Ce retournement de situation est tout sauf anodin. Sans le geste solidaire de Steve Antoine et Didier Duval, Yogita Baboo aurait été évincée du comité. Une manœuvre préparée en coulisses et soutenue par la hiérarchie d’Air Mauritius, bien décidée à en finir avec celle qui incarne encore la résistance syndicale.
Depuis plusieurs mois, les signes ne trompent pas. Sous la présidence de Kishore Beegoo, l’acharnement contre Yogita Baboo s’est intensifié. Sur une radio privée, il a déclaré sans détour que si elle avait perdu son emploi, « c’est qu’elle avait fait quelque chose de mal ». Des propos jugés inacceptables par de nombreux observateurs, mais restés sans réaction institutionnelle.

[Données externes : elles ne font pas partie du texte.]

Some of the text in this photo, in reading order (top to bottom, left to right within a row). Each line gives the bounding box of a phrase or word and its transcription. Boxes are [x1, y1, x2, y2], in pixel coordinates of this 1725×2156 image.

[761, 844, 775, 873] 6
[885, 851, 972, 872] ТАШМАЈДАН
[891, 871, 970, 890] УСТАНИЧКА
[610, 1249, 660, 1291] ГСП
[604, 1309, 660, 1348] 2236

Pire, des intimidations ont été rapportées à bord de vols internationaux, notamment entre l’Inde et Maurice, où ce haut cadre de la compagnie l’aurait ciblée publiquement. Ces scènes, récurrentes, bafouent les règles élémentaires de neutralité managériale.
Mais la plus grande inquiétude vient désormais de l’intérieur même du syndicat. Comment continuer à défendre les droits des travailleurs quand un élu du nouveau board aurait botté en touche dans l’affaire des mignonnettes, préférant protéger un commandant mis en cause, neveu d’un haut placé à l’aéroport, plutôt que de défendre l’intérêt collectif ?

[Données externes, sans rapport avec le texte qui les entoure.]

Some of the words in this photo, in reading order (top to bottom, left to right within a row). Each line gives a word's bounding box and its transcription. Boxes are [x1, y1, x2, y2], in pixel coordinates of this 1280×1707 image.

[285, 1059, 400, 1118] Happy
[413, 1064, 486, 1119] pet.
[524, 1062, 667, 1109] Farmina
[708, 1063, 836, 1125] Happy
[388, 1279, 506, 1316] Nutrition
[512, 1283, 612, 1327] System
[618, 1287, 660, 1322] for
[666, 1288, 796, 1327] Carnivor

Que reste-t-il du sens du combat syndical quand on pactise avec le pouvoir pour éliminer l’une des siennes ?
Les soutiens d’hier à Yogita Baboo — syndicats, ONG, figures politiques — se sont tus ou ont tourné le dos. Certains, plus cyniques, ont activement tenté de l’écarter du comité. L’opportunisme a remplacé la solidarité. Et le syndicalisme de combat a cédé la place aux postures creuses.
Pourtant, elle tient bon et elle continue à incarner une voix libre — et c’est précisément ce qui dérange.

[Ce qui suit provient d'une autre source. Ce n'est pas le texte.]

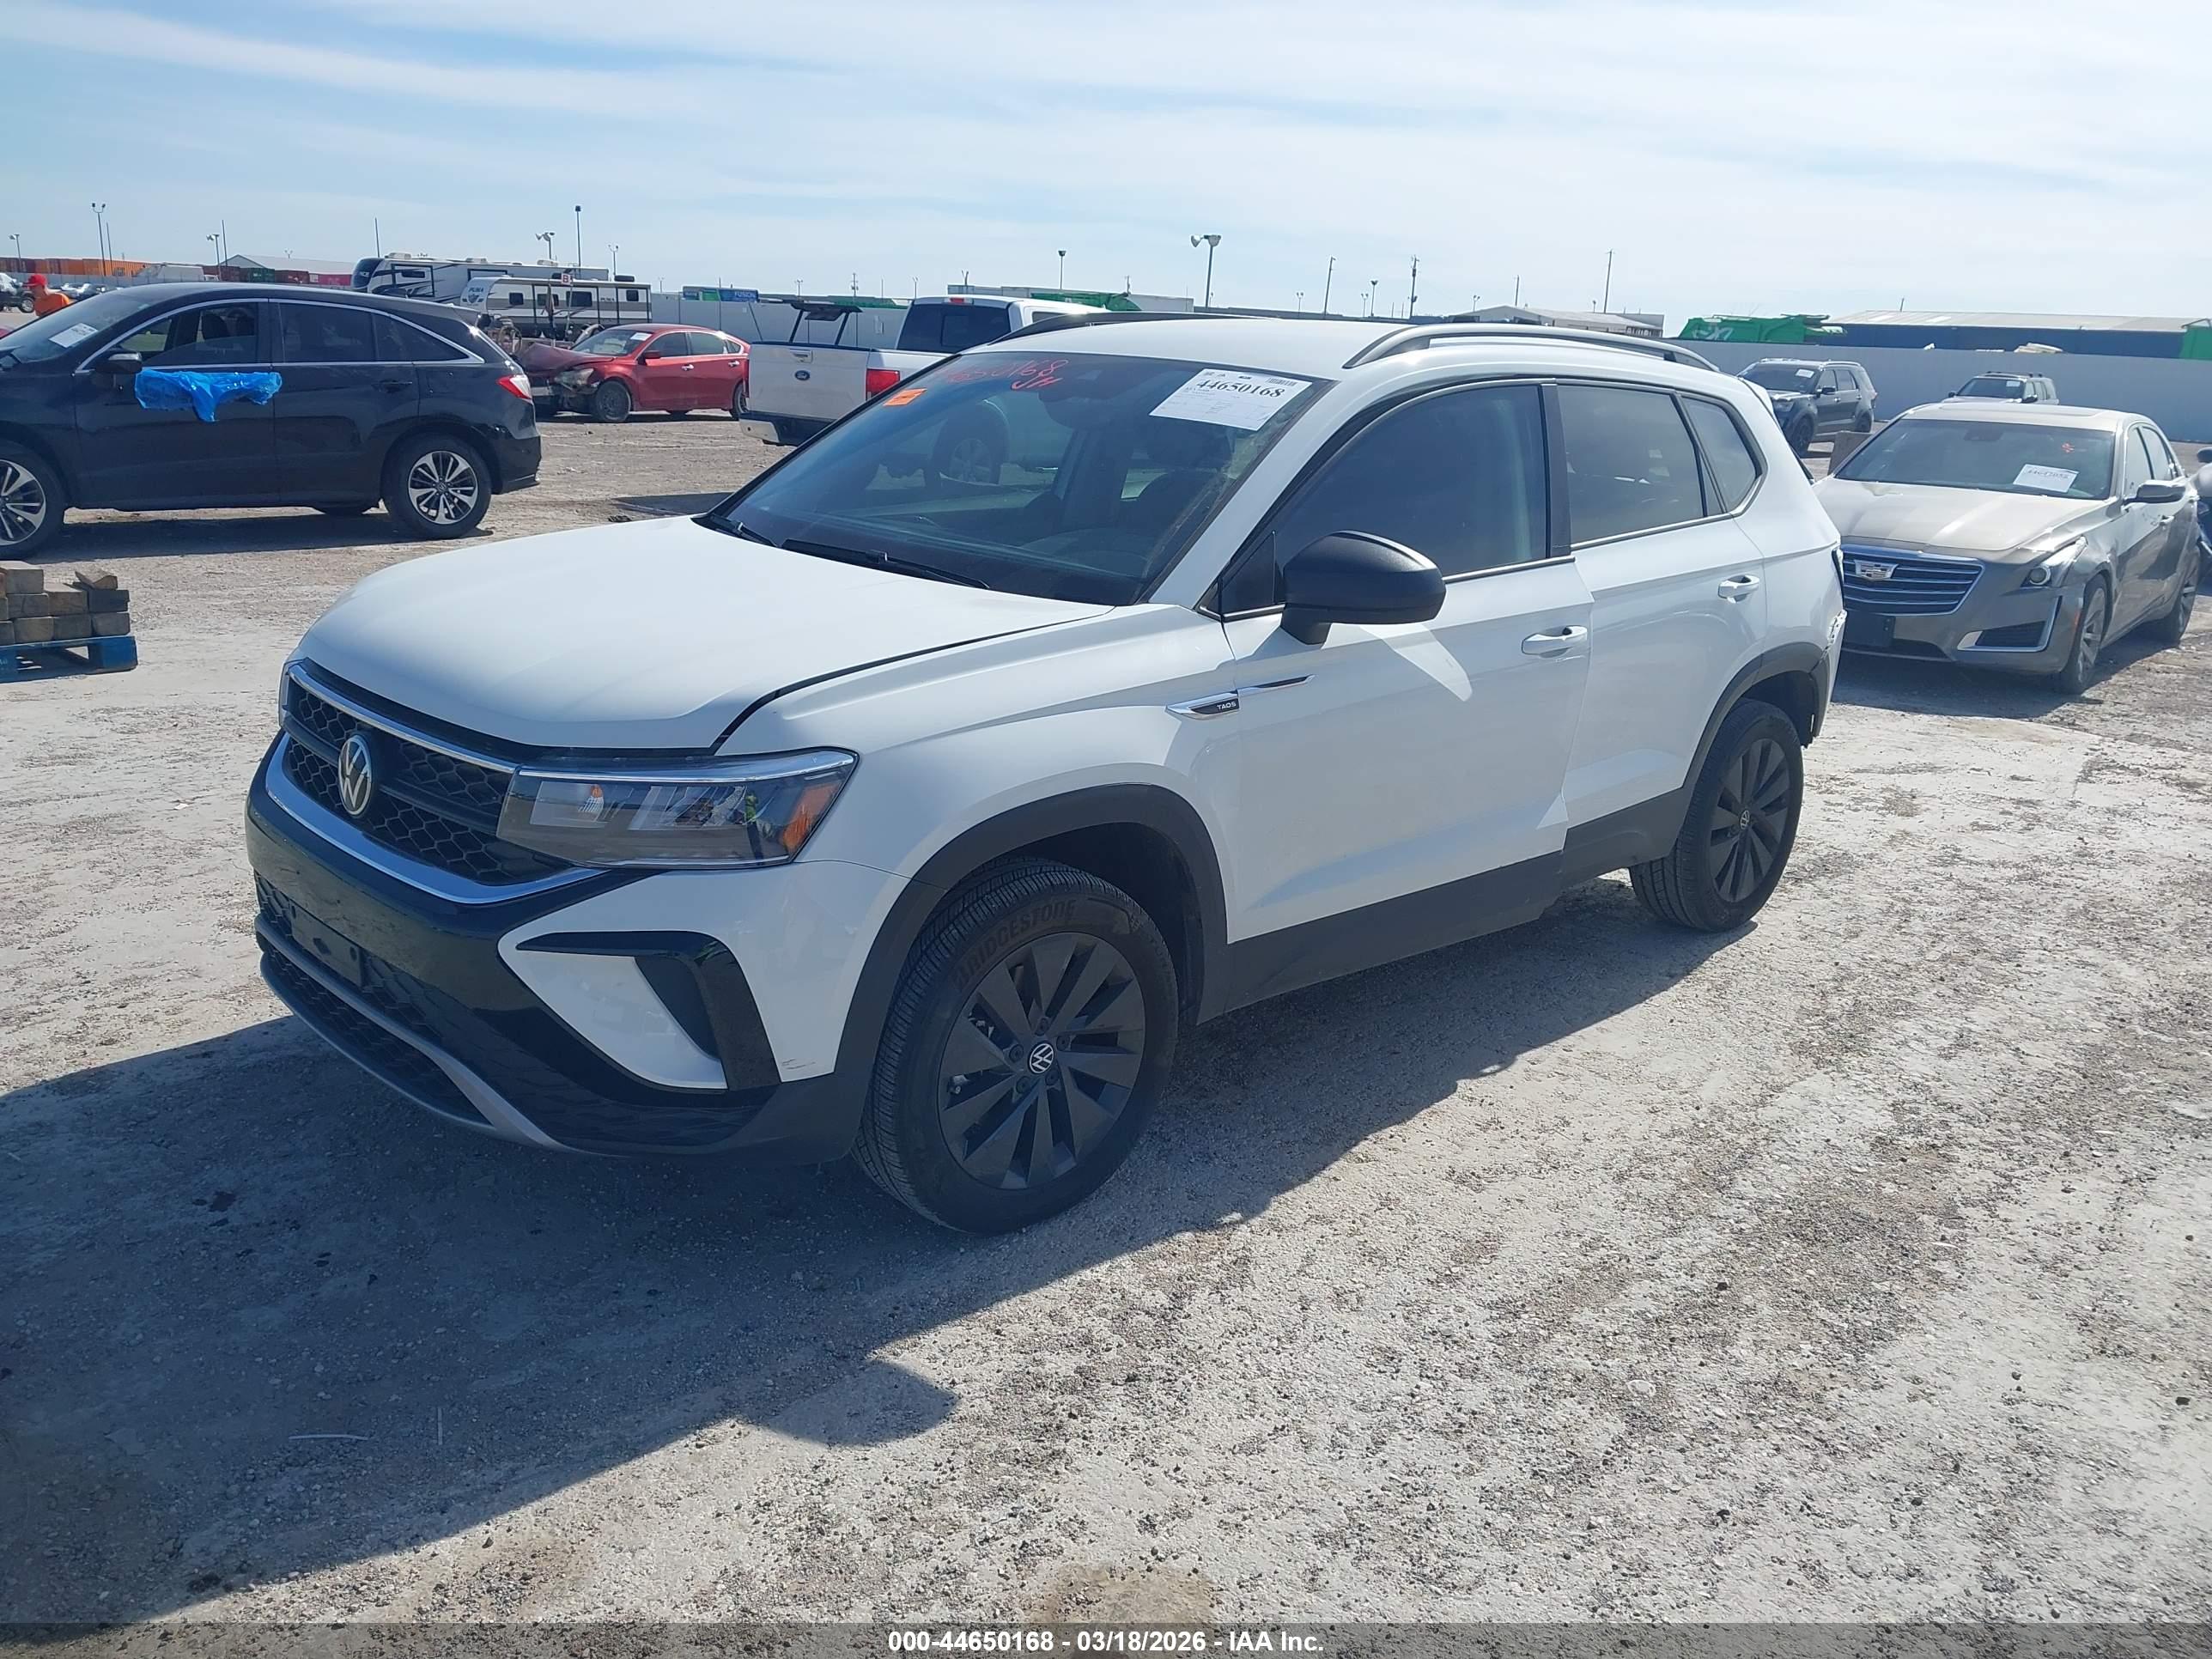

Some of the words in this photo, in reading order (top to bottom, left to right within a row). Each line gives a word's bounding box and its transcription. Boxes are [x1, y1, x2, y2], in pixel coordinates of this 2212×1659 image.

[1196, 380, 1285, 398] 44650168
[1217, 701, 1237, 710] TAOS
[952, 898, 1077, 988] BRIDGESTONE

Elle ne dérange plus seulement une direction. Elle met à nu l’abandon progressif des principes qui fondent toute lutte syndicale digne de ce nom.
Aujourd’hui, si Yogita Baboo tient encore bon, mais à quel prix ? Si demain, elle décidait de consacrer toute son énergie à sa fille plutôt qu’à des hypocrites sans colonne vertébrale, personne ne pourrait lui en vouloir. Car elle aura tout donné. Pour ses collègues. Pour la justice. Pour un syndicalisme vrai.